Prove or disprove:
There is a way to choose independent random chords in a circle so that
their intersection points (given that they exist) are uniformly distributed in the circle.
One common way to choose a random chord in a circle, is to connect two uniformly random points on the circle. Assume the circle has center at origin with radius $1$ : $x^2+y^2=1$.
Numerical investigation (using Excel) suggests that, when two such chords are chosen independently and they intersect, the probability that their intersection point lies inside the smaller circle having center at origin with radius $1/2$ : $x^2+y^2=\frac{1}{4}$, is $\frac{1}{6}$. But the smaller circle's area is $\frac{1}{4}$ the larger circle's area.

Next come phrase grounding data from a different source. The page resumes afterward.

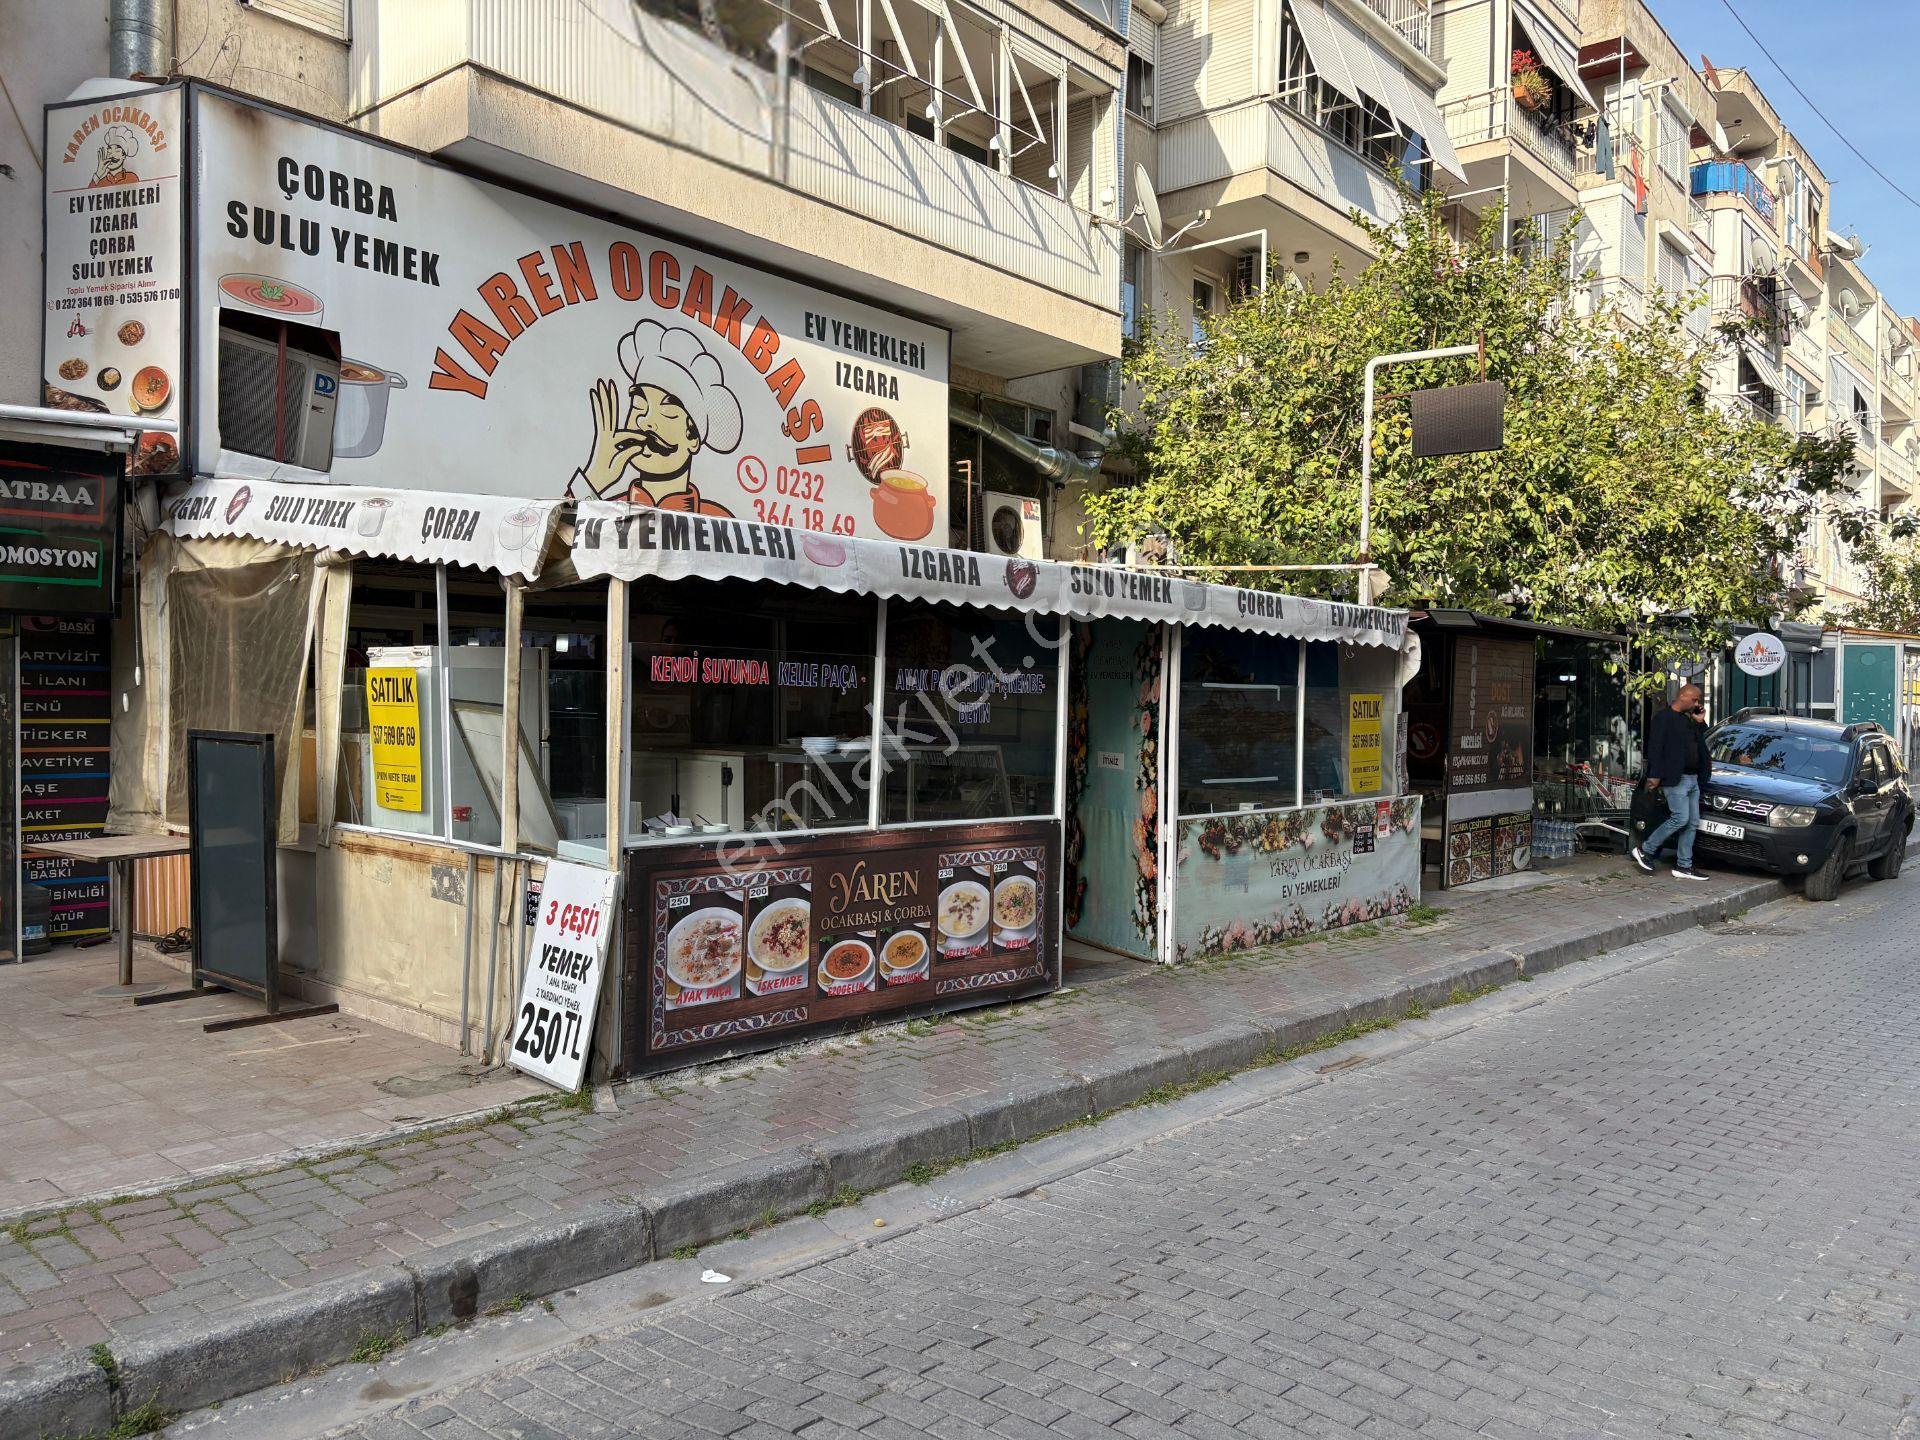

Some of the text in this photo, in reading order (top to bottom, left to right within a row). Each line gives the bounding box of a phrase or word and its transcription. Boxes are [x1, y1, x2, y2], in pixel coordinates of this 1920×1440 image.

[63, 106, 168, 164] YAREN OCAKBAŞI
[69, 184, 160, 214] EV YEMEKLERİ
[278, 157, 397, 222] ÇORBA
[90, 212, 138, 234] IZGARA
[90, 235, 135, 259] ÇORBA
[227, 200, 440, 287] SULU YEMEK
[72, 256, 153, 280] SULU YEMEK
[56, 300, 61, 310] 0
[62, 298, 76, 310] 232
[78, 297, 92, 308] 364
[94, 296, 103, 307] 18
[103, 295, 114, 306] 69
[120, 293, 126, 305] 0
[127, 292, 142, 303] 535
[144, 290, 158, 302] 576
[160, 289, 168, 301] 17
[169, 288, 180, 300] 60
[66, 286, 85, 296] Toplu
[87, 284, 109, 293] Yemek
[428, 241, 832, 466] YAREN OCAKBAŞI
[803, 311, 926, 371] EV YEMEKLERİ
[836, 361, 899, 402] IZGARA
[776, 465, 824, 502] 0232
[264, 495, 356, 529] SULU YEMEK
[753, 499, 855, 536] 364 18 69
[422, 507, 480, 544] ÇORBA
[571, 516, 601, 550] EV
[900, 546, 981, 587] IZGARA
[1071, 566, 1172, 604] SULU YEMEK
[1237, 590, 1284, 619] ÇORBA
[1331, 605, 1344, 626] EV
[59, 621, 95, 632] BASKI
[39, 674, 86, 687] İLANI
[651, 650, 770, 685] KENDİ SUYUNDA
[778, 661, 858, 695] KELLE PAÇA
[371, 677, 415, 703] SATILIK
[24, 699, 61, 712] ENÜ
[1352, 700, 1380, 719] SATILIK
[1707, 821, 1742, 837] HY 251
[24, 858, 76, 870] T-SHIRT
[30, 868, 71, 880] BASKI
[750, 887, 767, 897] 200
[829, 860, 920, 913] YAREN
[1282, 872, 1341, 898] EV YEMEKLERİ
[546, 901, 558, 925] 3
[670, 897, 689, 907] 250
[821, 906, 932, 930] OCAKBAŞI & ÇORBA
[539, 943, 593, 984] YEMEK
[536, 987, 540, 997] 2
[565, 996, 580, 1012] YEMEK
[561, 980, 577, 994] YEMEK
[675, 984, 732, 1005] AYAK PAÇA

So the intersection points are not uniformly distributed in the circle.
So I wonder if there is some method of choosing independent random chord, that yields intersection points that are uniformly distributed in the circle.
Context: I have been generally interested in questions about random chords, for example: cutting a pizza, a counter-intuitive result, and a possibly intuitive result.
Best Answer
The random radial point method should suffice: Choose a uniformly random diameter of the circle, choose a uniformly random point on the diameter and construct the chord through this point and perpendicular to the diameter.

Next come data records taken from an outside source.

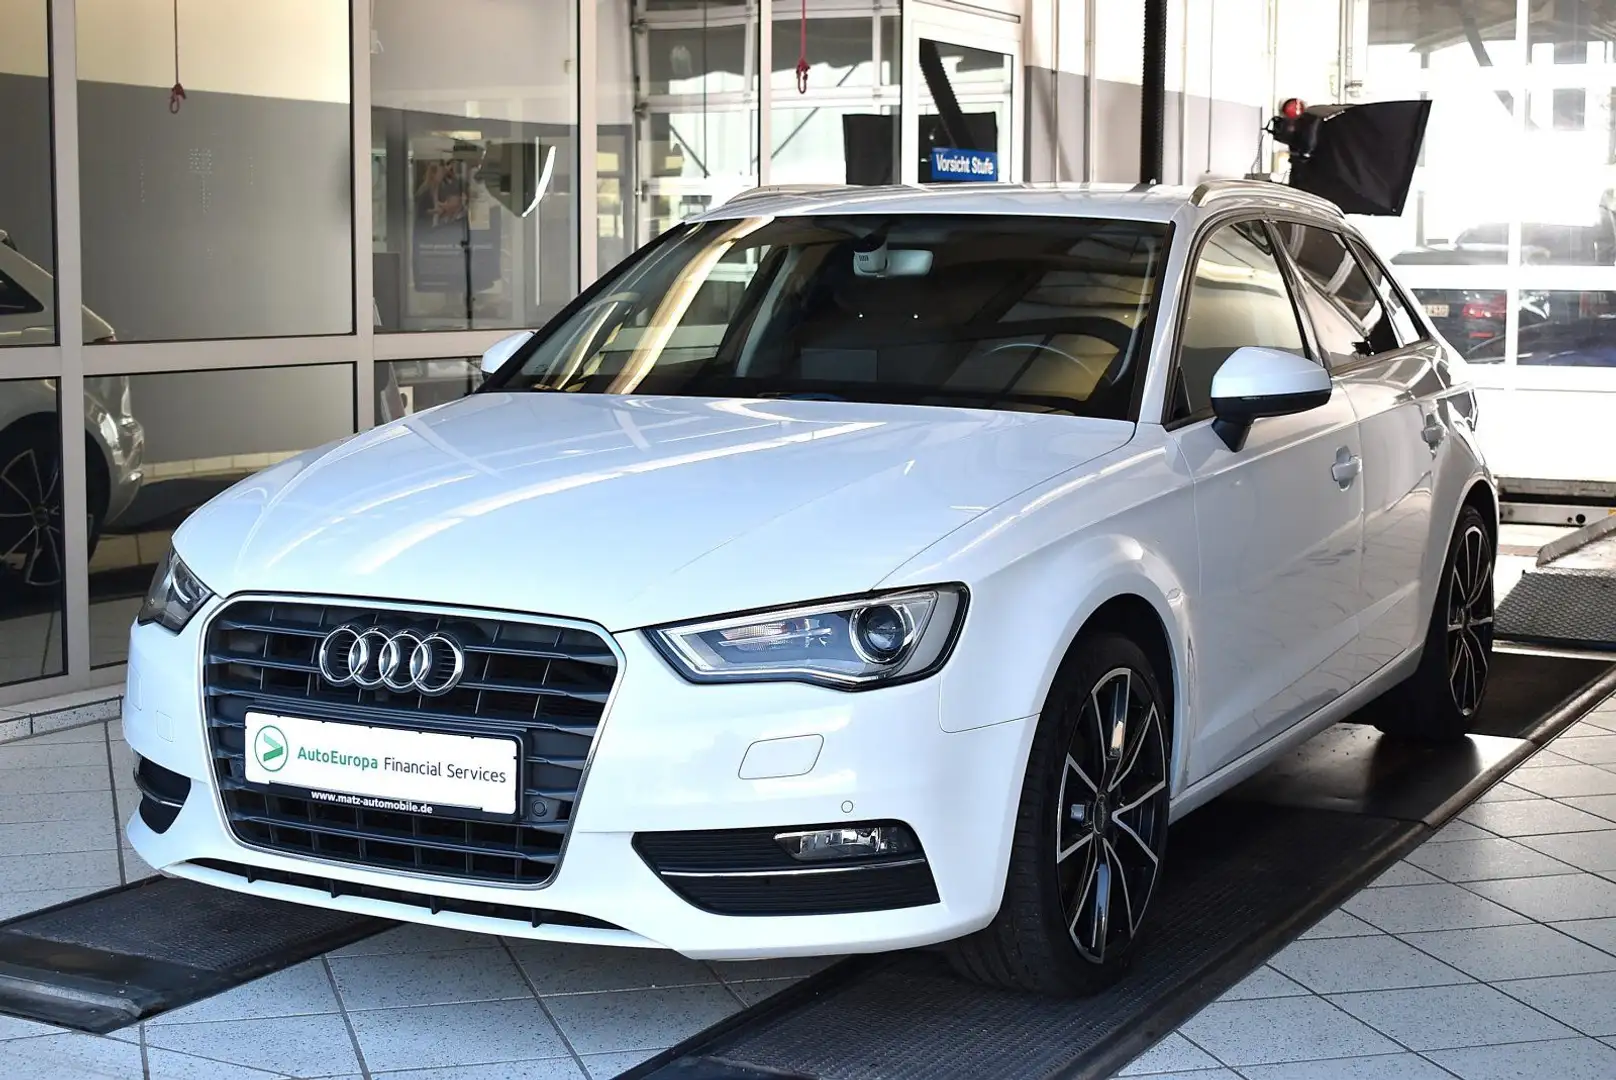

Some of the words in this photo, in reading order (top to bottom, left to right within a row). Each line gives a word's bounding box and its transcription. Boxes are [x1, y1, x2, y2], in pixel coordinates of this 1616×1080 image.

[935, 152, 970, 174] Vorsicht
[971, 156, 994, 175] Stufe
[297, 746, 378, 771] AutoEuropa
[384, 757, 442, 777] Financial
[446, 763, 507, 783] Services
[310, 790, 433, 814] www.matz-automobile.de

Let $p$ be the probability two generated chords intersect.
Then for any circle of radius $r<1$ contained within the larger circle of radius $1$, any generated chord intersects the smaller circle with probability $r$, and the conditional distribution is equivalent to applying the random radial point method on the smaller circle.
It follows that two generated chords intersect within the smaller circle with probability $pr^2$ regardless of where the smaller circle lies within the larger circle.